You appear to be reading (about) PEP 532 - A circuit breaking operator and protocol, a proposal to give the left-hand operand access to a short-circuiting operation.
Python currently has no way to hook into the or
and and
boolean operators; these operators short-circuit in that if the outcome can be determined from the left-hand operand, then the right-hand operand expression doesn't need to be evaluated.
For example, the following expression won't raise an exception:
count = 0
average = count and total / count
even though the right-hand expression would raise a ZeroDivisionError
exception if run.
The PEP proposes a new operator, the else
operator, that'll let the class of the left-hand side handle the outcome of the operation based it's truth-value. So in the expression
lefthand else righthand
the lefthand
class is given access to either lefthand
or righthand
depending on the value of bool(lefthand)
.
You didn't give the full context of the statements you found, but PEP 532 is the proposal that defines the __else__
and __then__
methods; type(lefthand).__then__(lefthand)
is called when lefthand
is considered true, otherwise type(lefthand).__else__(righthand)
is called:
result = type(lefthand).__then__(lefthand) if lefthand else type(lefthand).__else__(lefthand, righthand)

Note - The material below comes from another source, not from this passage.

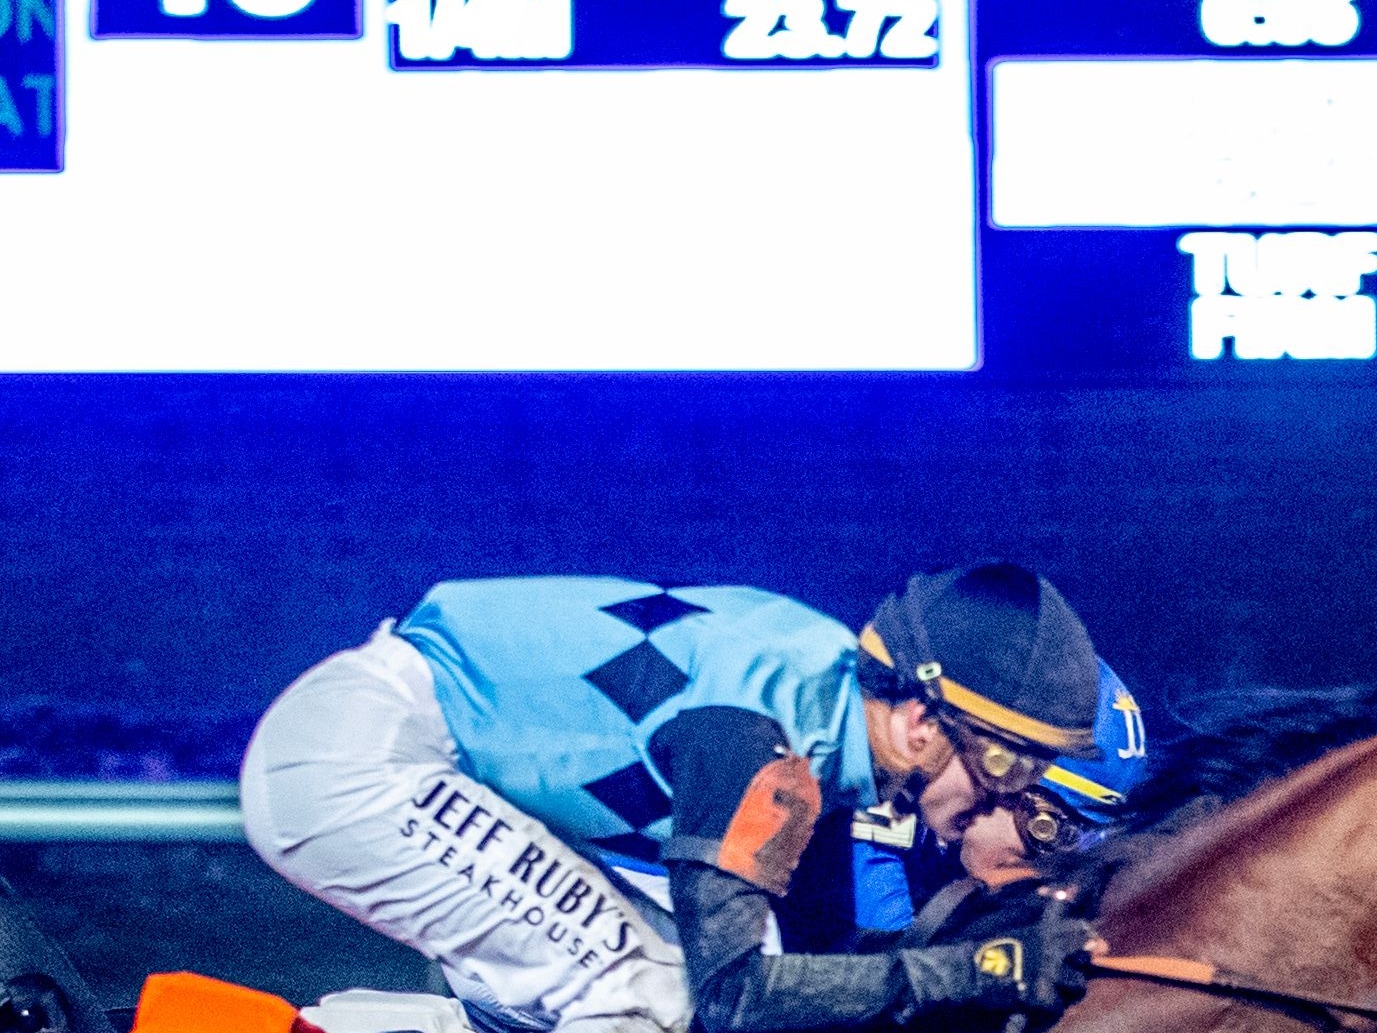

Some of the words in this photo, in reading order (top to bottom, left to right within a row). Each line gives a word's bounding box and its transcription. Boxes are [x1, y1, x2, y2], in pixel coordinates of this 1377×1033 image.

[400, 817, 604, 970] STEAKHOUSE
[411, 780, 514, 853] JEFF
[508, 840, 635, 953] RUBY'S

You can implement these then as
class CircuitBreaker:
def __bool__(self):
# am I true or false?
return someboolean
def __then__(self):
# I'm true, so return something here
return self
def __else__(self, righthand):
# I'm false, the righthand has been evaluated and pass ed in
return righthand
Note that PEP 532 is still under discussion and it may be that this proposal is never implemented.